United States Senate election results for Keweenaw County, Michigan1
| Year | Republican |  | Democratic |  | Third party(ies) |  |
| No. | % | No. | % | No. | % |
| 2024 | 882 | 55.65% | 665 | 41.96% | 38 | 2.40% |

Michigan Gubernatorial election results for Keweenaw County
| Year | Republican |  | Democratic |  | Third party(ies) |  |
| No. | % | No. | % | No. | % |
| 2022 | 701 | 50.43% | 666 | 47.91% | 23 | 1.65% |

==Government==
The county government operates the jail, maintains rural roads, operates the major local courts, records deeds, mortgages, and vital records, administers public health regulations, and participates with the state in the provision of social services. The county board of commissioners controls the budget and has limited authority to make laws or ordinances.

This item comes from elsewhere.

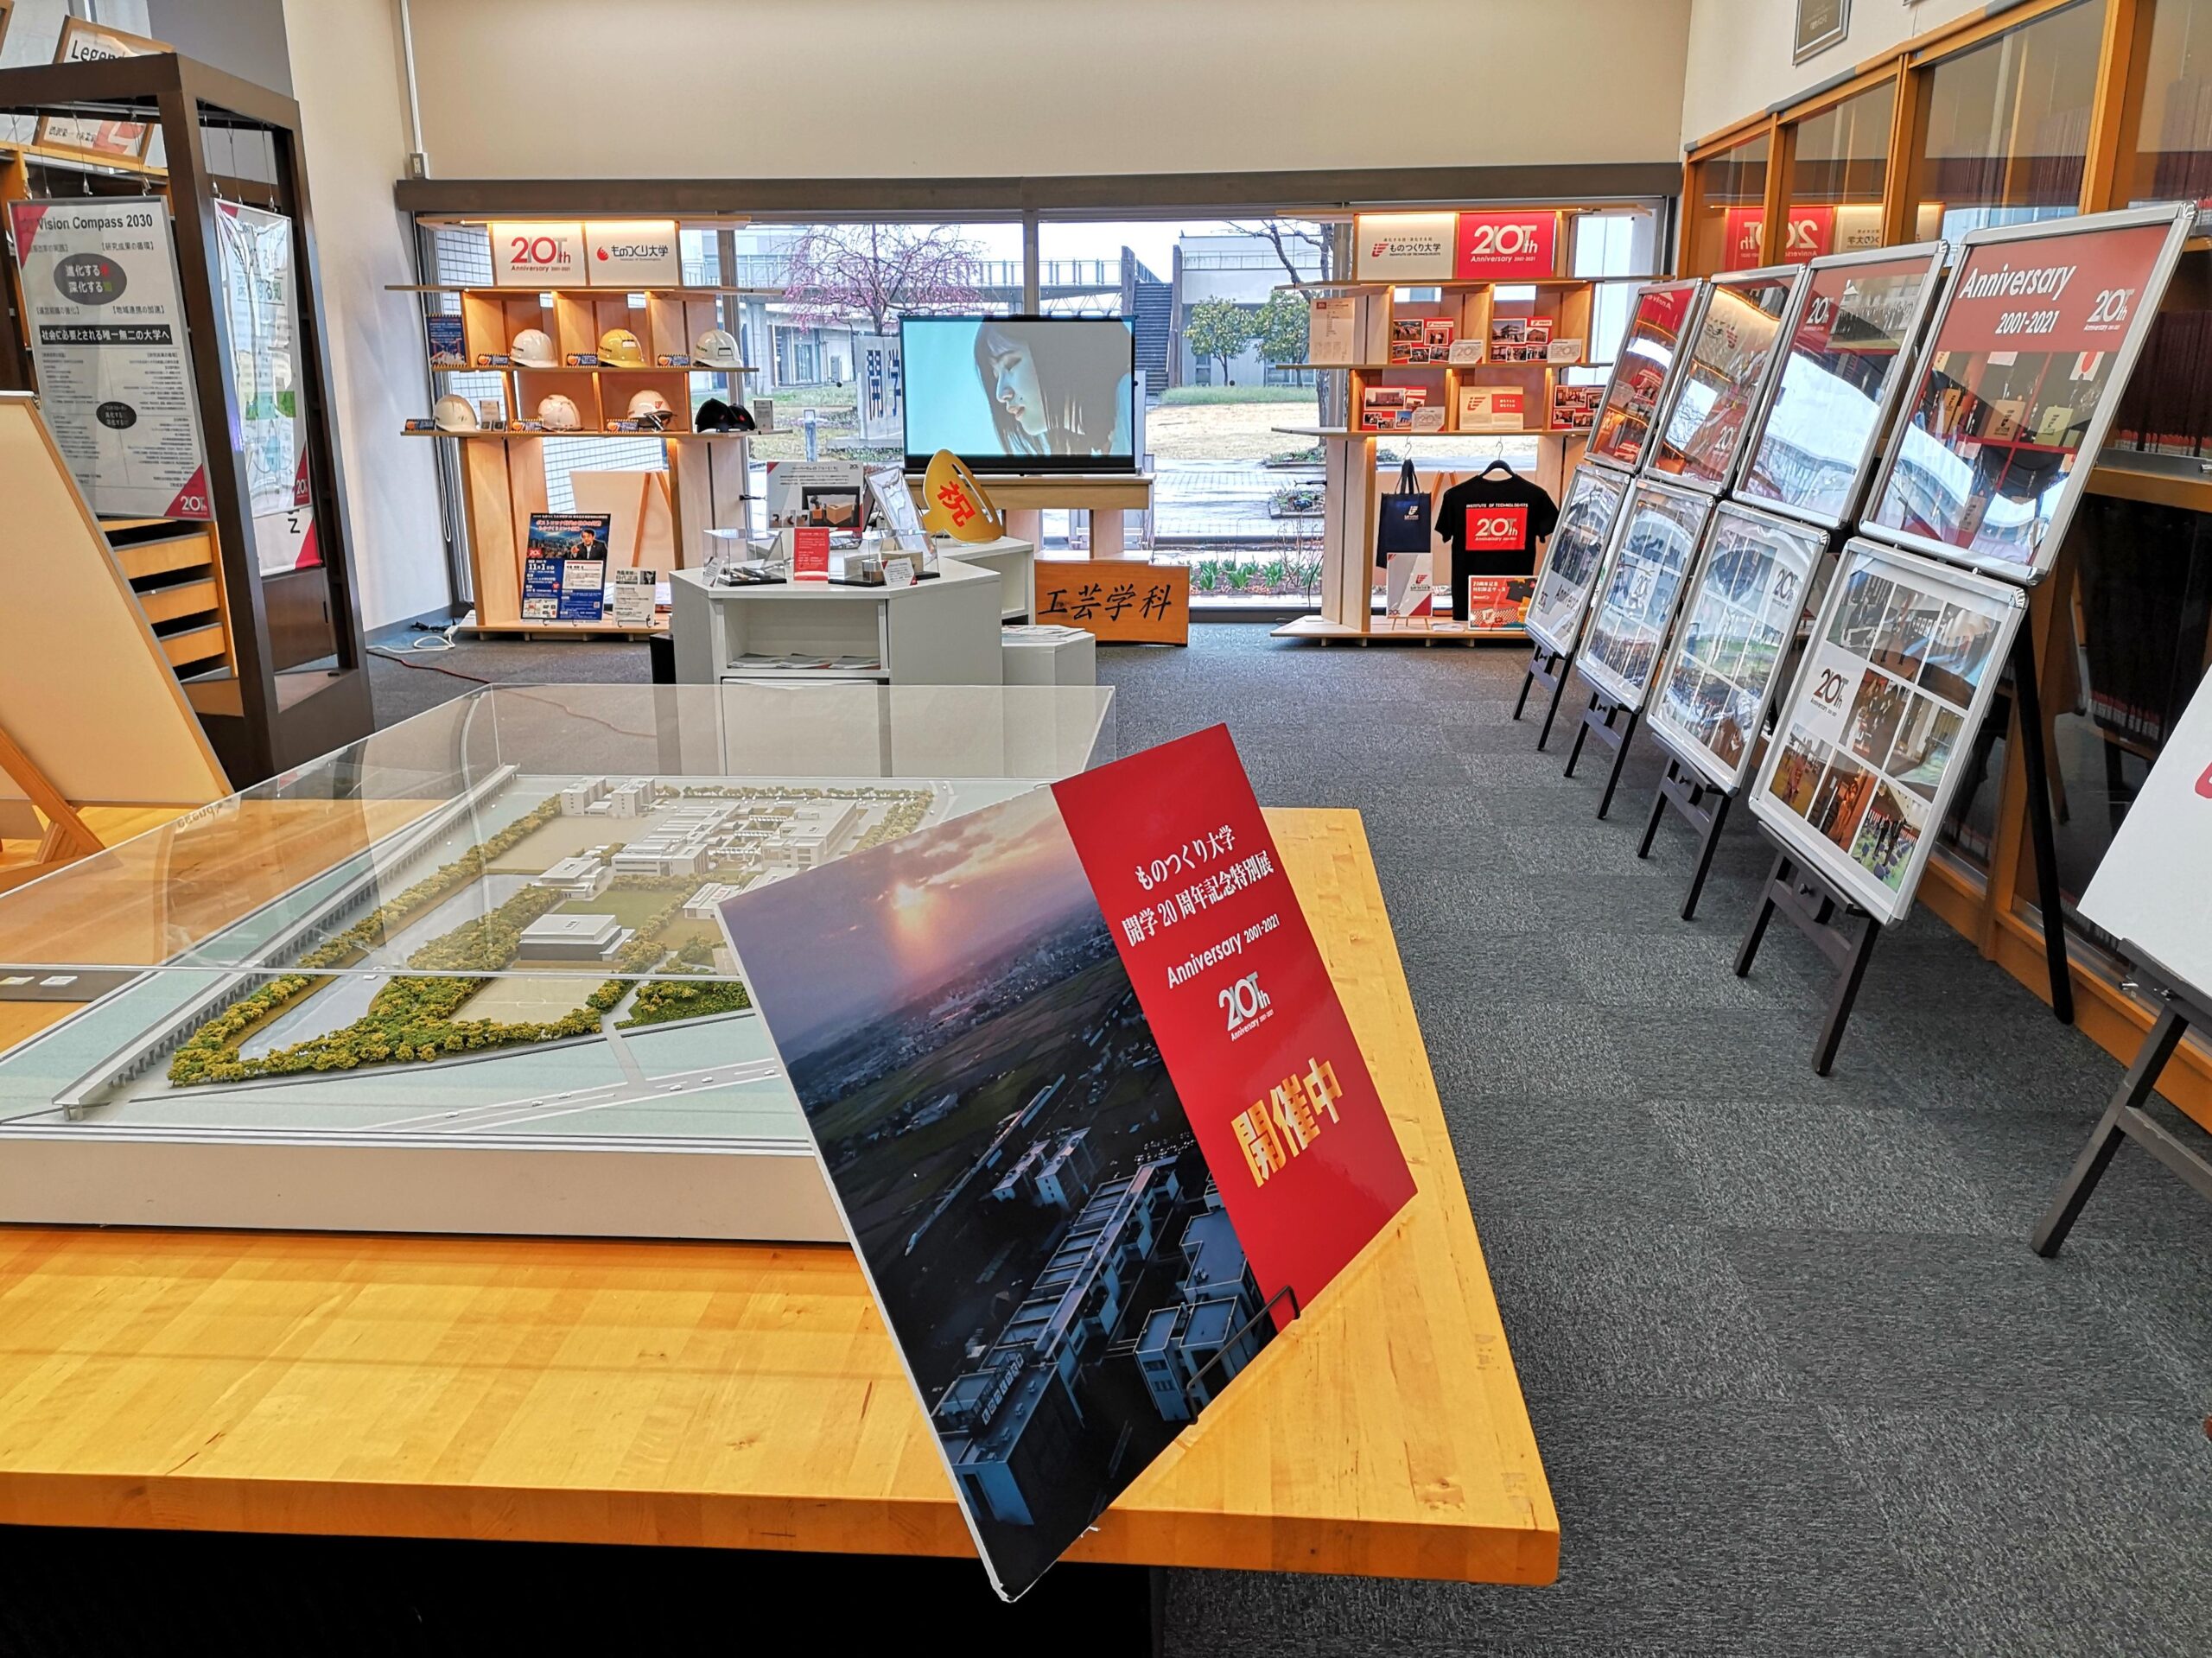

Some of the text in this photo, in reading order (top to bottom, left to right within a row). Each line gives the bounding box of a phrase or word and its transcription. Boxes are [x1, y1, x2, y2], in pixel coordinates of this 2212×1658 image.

In Michigan, most local government functions—police and fire, building and zoning, tax assessment, street maintenance, etc.—are the responsibility of individual cities and townships.
The Keweenaw County Courthouse and Sheriff's Residence and Jail in Eagle River faces Lake Superior. The courthouse was built in 1866, followed by the sheriff's residence and jail in 1886, and then remodeled in 1925. In her book Buildings of Michigan, Eckert writes:
"Like a meetinghouse on a New England public square, and enclosed by a 3 ft high public wall on the east and south sides, ...transformed in 1925 into its present stark white classical appearance. The courthouse for this sparsely populated remote county is remarkable in its formality...These include the giant Doric columns with fillets and bases, a pediment forming a projecting portico, a modillioned cornice, and pedimented side dormers."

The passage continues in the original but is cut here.